Pourtant, l'astuce utilisée ici reste bien ancienne : elle consiste à ne jamais – au grand jamais – laisser voir le monstre, ni même la mort d'un protagoniste. Cette technique bien rodée présente pour immense mérite de laisser l'imagination du spectateur faire tout le travail, à défaut de se montrer spectaculaire – un choix à l'intérêt toujours plus limité après des années de développement exponentiel des technologies d'effets spéciaux numériques. Et comme l'audience de ce genre de film a bien souvent une imagination d'une fécondité à toute épreuve...

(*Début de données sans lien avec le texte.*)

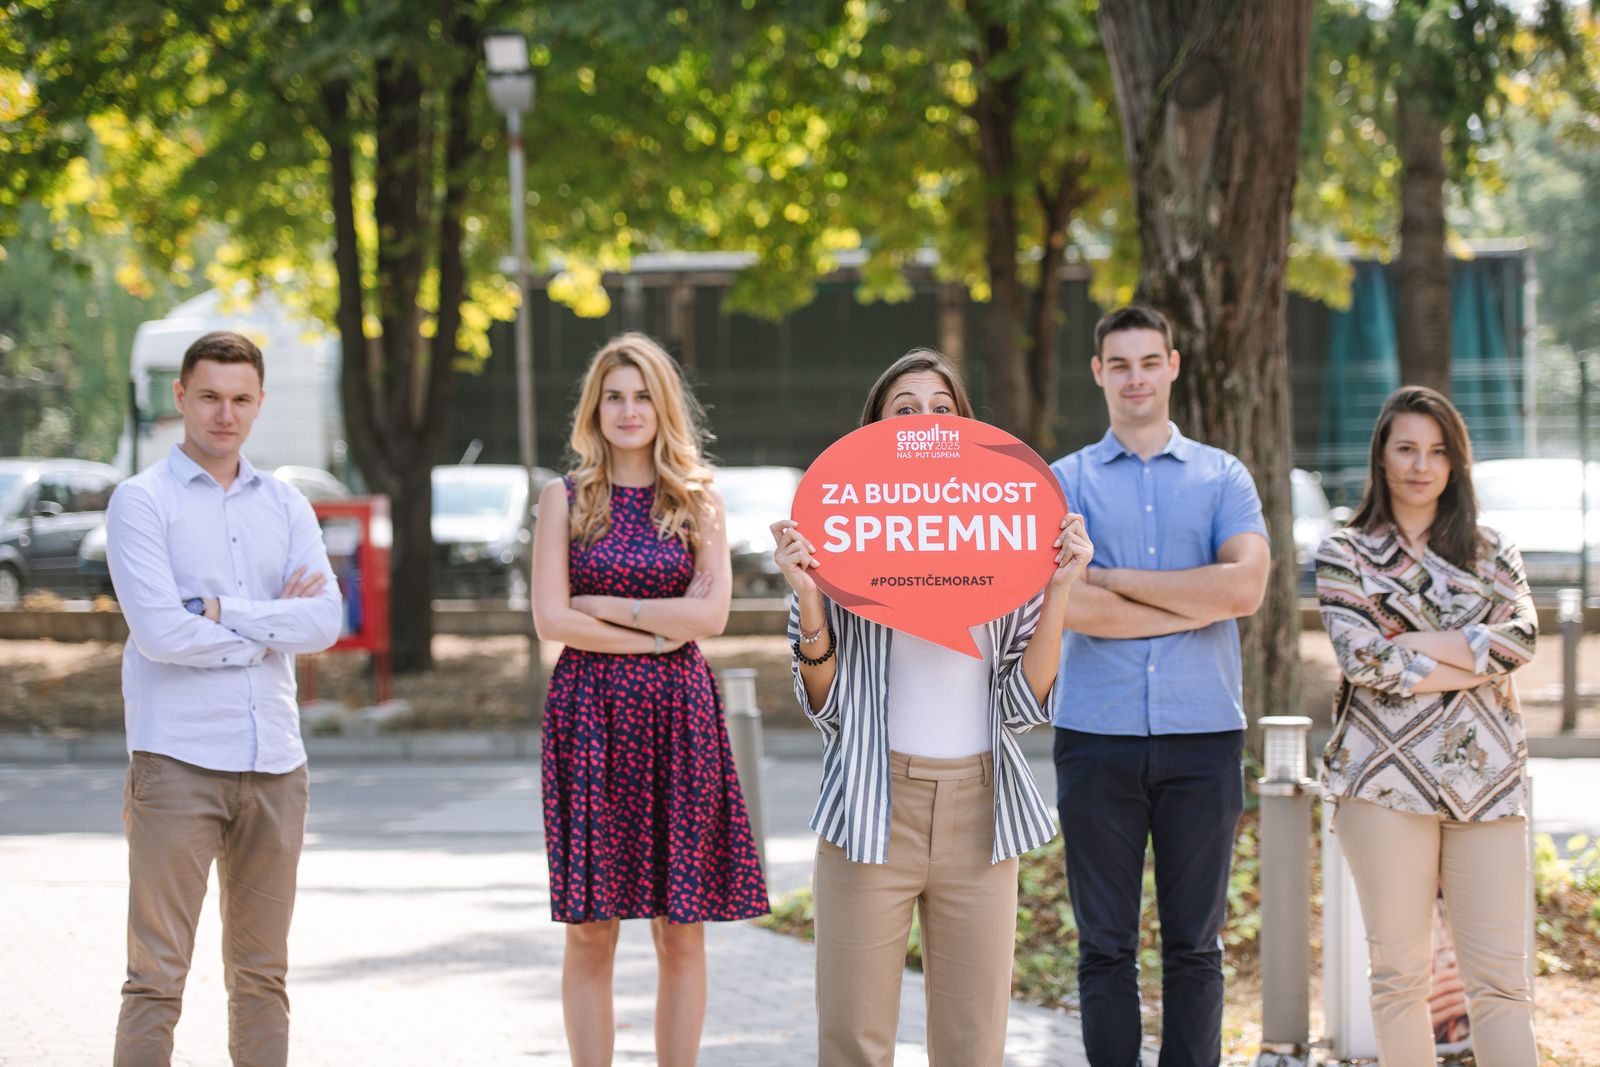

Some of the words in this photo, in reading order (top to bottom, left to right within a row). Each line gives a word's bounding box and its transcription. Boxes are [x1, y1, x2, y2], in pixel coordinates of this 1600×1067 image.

Il en résulte donc un film de pure ambiance, où l'horreur se trouve tapie dans le moindre bosquet, derrière le plus petit buisson, au détour d'un simple cours d'eau. À l'affut, elle attend la moindre occasion de se jeter à la figure des protagonistes comme de celle du spectateur puisque la frontière entre les deux reste toujours floue dans ces productions à mi-chemin de la fiction et du documentaire. La stratégie marketing choisie par les distributeurs, qui ont voulu faire croire à un documentaire réel, traduit la même approche...

On peut d'ailleurs expliquer au moins une partie du succès de ce film par cette volonté de l'équipe de production d'effacer, ou à tout le moins de réduire la distance entre la réalité et la fiction. Ainsi devenue partie intégrante du récit, en tous cas indirectement, l'audience y participe, parfois même bien malgré elle. Plusieurs réalisations de John Carpenter, pour rester dans le registre du film d'horreur, reposent d'ailleurs sur une mécanique immersive semblable (1)...

Mais ne voyez pas pour autant dans la résurgence de ce ressort du genre une quelconque volonté régressive des réalisateurs de Blair Witch, bien au contraire : avec leur choix d'une facture aussi originale qu'efficace, ils ont en fait signé là un film d'horreur comme on en faisait plus depuis plusieurs années à l'époque – un film d'horreur digne de ce nom...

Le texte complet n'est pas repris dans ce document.